BBC’s Panorama will screen a special program investigating the Litvinenko poisoning in London on Monday 22 January at 2030 on BBC One, and also at the Panorama website.
From: Natalya Mozgovaya, Conversation with Marina Litvinenko – 1 (my translation):
“Almost a month has passed since the moment when Sasha died, but the bitterness of the loss is only coming now,” says Marina Litvinenko. Tears fill her eyes, trickle down her cheeks, and she automatically brings to her face a handkerchief that is already soaked through. “It’s all right, this will happen from time to time… Apparently, there’s some kind of moment of inertia – you still feel the person, you live on feelings from the past, but now it’s going further and further away, and you gradually start to realize this. I think it hasn’t yet started for me, this most terrible moment, it’s only beginning to approach. Even when I saw him on the day he died – I didn’t yet feel that he wasn’t there any more. Sasha always said of our relationship: ‘Marina, I love you more than you love me.’ It was a joke, of course, but it’s only now, with the passage of time, that I realize how much I loved him.”
Marina first met Alexander Litvinenko in 1993. She was a dance instructor, and he was a detective. They were both 31 – she had a divorce behind her, while he was still married, with two children.
“It wasn’t love at first sight,” she smiles with embarrassment. “We weren’t young any more – Sasha had a marriage which had already more or less come to nothing, and I had a marriage which had ended 4 years before that; so there weren’t any particular illusions in that sense. He came to my place on my birthday with some friends of mine. They were also working in dance, and he helped them to clear up an unpleasant episode. They’d gone to Sri Lanka to appear in a show, and their impresario had “conned” them. But when my friends found their own contacts, earned some money and came back, the people who had sent them there suddenly began demanding money from them, it was real extortion. At the time, Sasha was involved in fighting organized crime, foul play, extortion.
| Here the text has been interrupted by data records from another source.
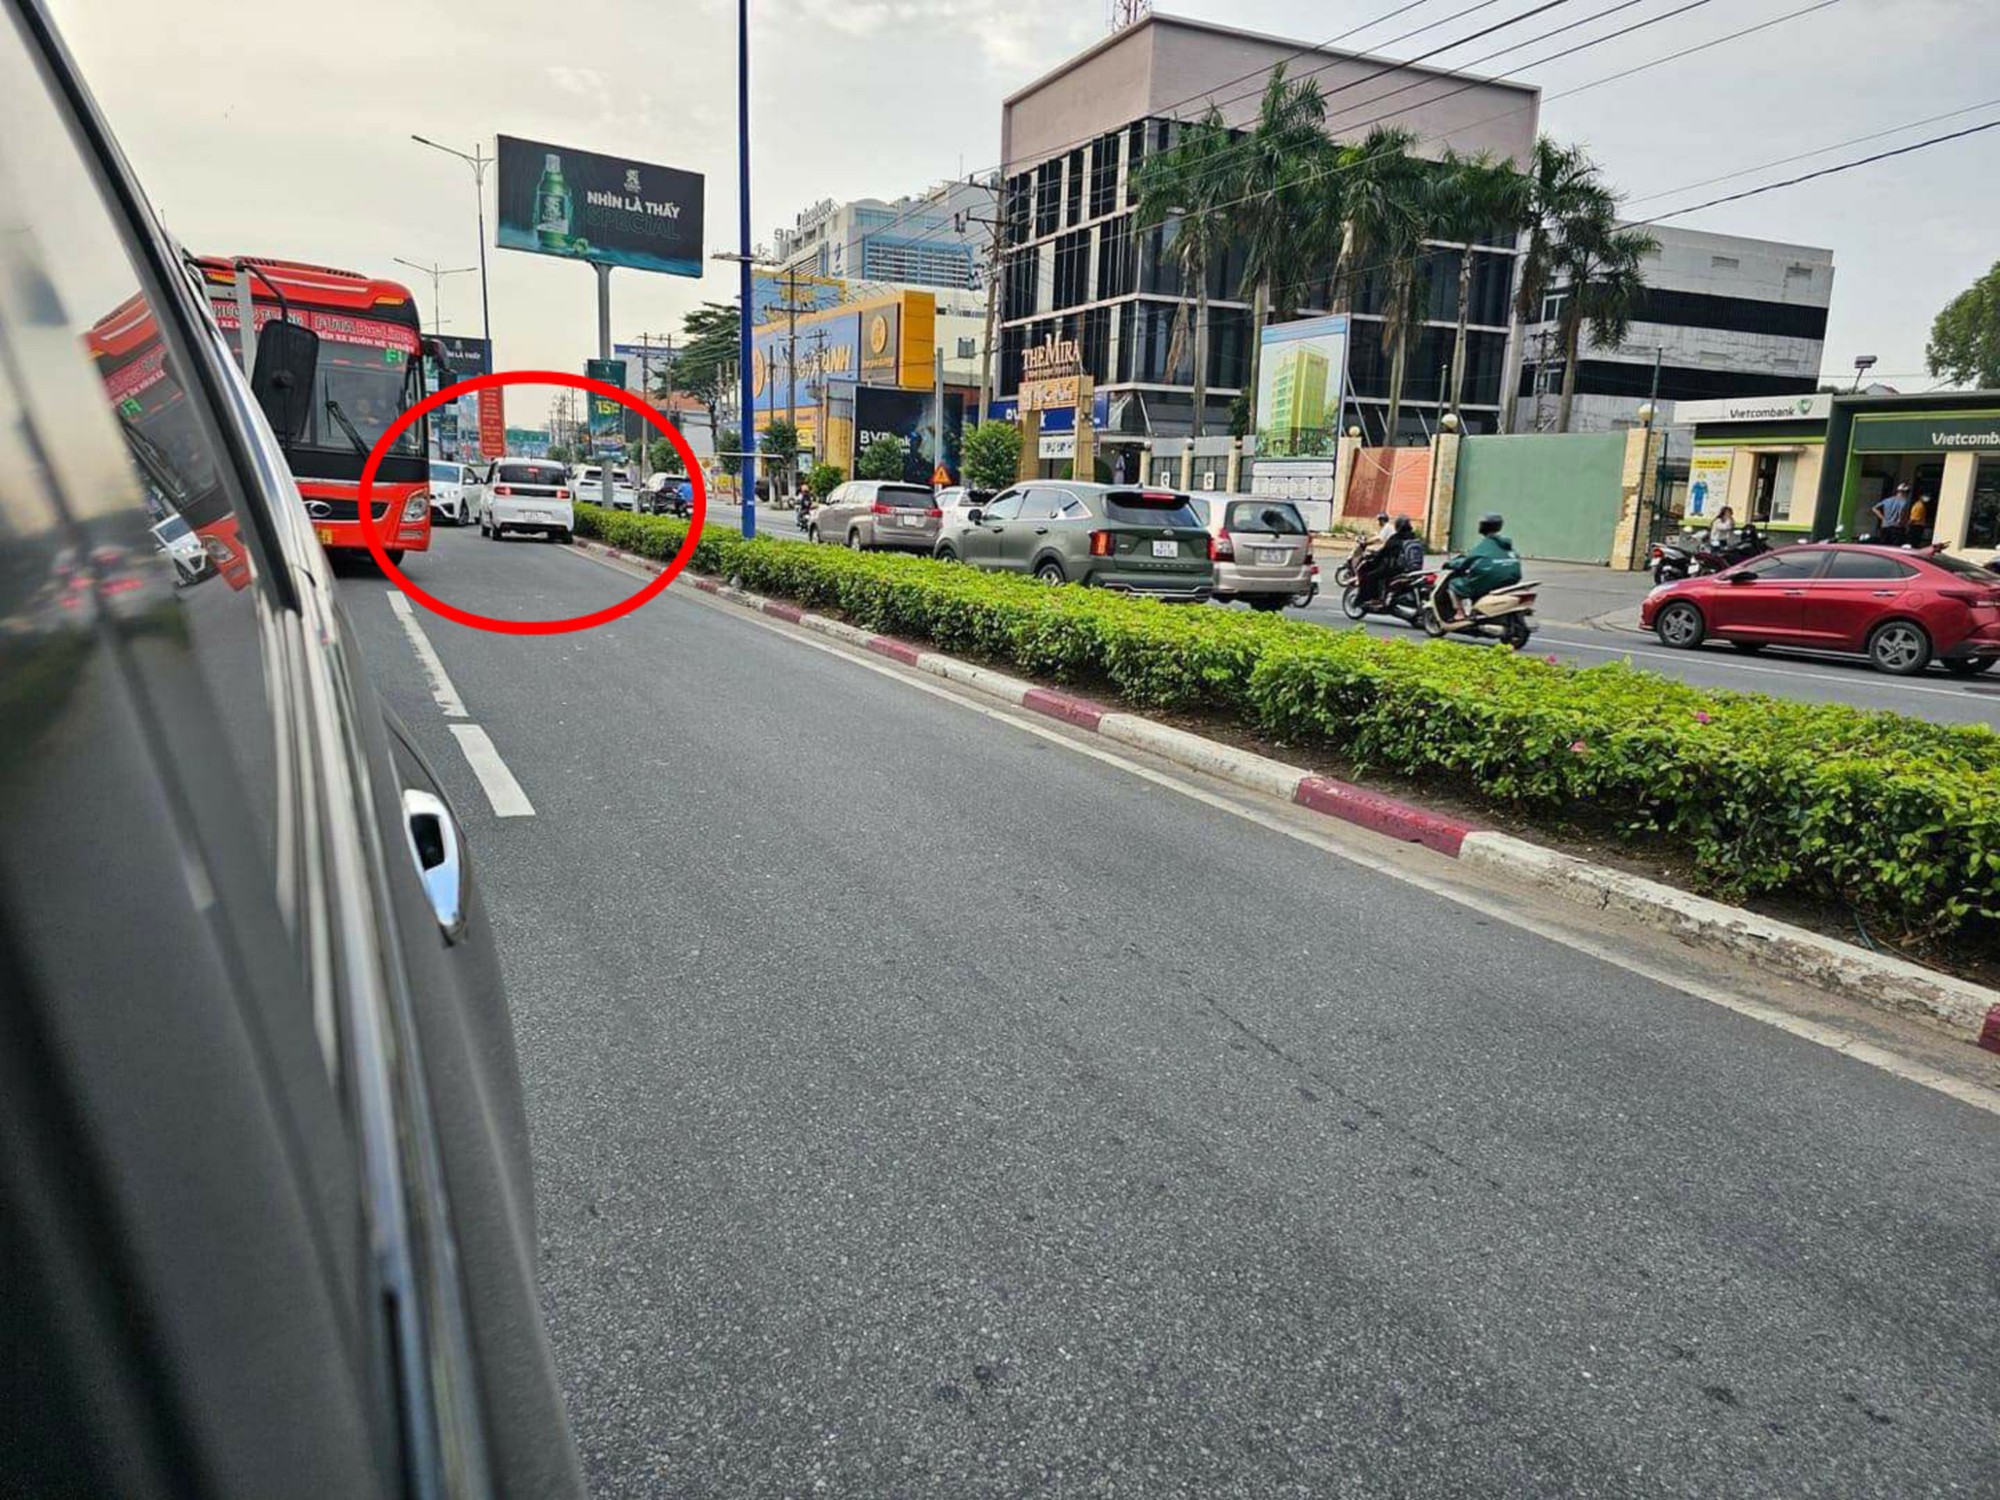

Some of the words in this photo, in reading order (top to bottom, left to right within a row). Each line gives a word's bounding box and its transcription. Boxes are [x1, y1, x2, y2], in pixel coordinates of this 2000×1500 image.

[587, 190, 622, 210] NHÌN
[624, 196, 643, 214] LÀ
[645, 201, 680, 219] THẤY
[1730, 408, 1796, 419] Vietcombank
[1932, 431, 2000, 446] Vietcomb
My friends were very scared, they were afraid to go out after one of them had an encounter on the stairs and was very badly beaten, and was told: “Next time we’ll break your legs, and you won’t be able to dance any more.” When they brought Sasha to me on my birthday, they warned me: “We’ve got an FSB man with us (maybe it wasn’t the FSB yet then, but the FSK, after the break-up of the KGB the name changed several times), Marina, he’s an unusual type, so cheerful, he has this sense of humour, he’s not at all like someone from the law enforcement agencies.” Well, we all have some stereotyped images of what ‘Chekists’ look like, and I had some too. And when I saw Sasha, there really was something that didn’t seem right, somehow – he was like a little boy, easy to get along with, on my first impression.
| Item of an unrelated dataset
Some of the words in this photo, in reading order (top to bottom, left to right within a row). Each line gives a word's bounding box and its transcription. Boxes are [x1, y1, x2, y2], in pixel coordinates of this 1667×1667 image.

“It’s true that later on, when we got to know each other better, I saw his hardness, especially in serious situations, when he started to do his work or take decisions. But that was later, when his 10-year-old marriage had broken down – and he’d started to court me, very quietly and unnoticeably. At some point he just wrapped me in his attention, and I felt so comfortable and secure that I probably realized it was serious. He was a very emotional person. For example, when he gave me presents, he couldn’t wait, he would bring them a month, two months before the occasion. He’d say: ‘Marina, this is a present for you for March 8 [International Women’s Day, tr.]’, and it was only the end of January. And he’d bring me flowers. Perhaps not as often as I’d have liked, but when I really wanted them I could buy them for myself, and I’d tell Sasha: “I want to say a big thank you for giving me the chance to buy myself these flowers.” I realized that he simply didn’t have the time. But when he did it himself, it was twice as precious.”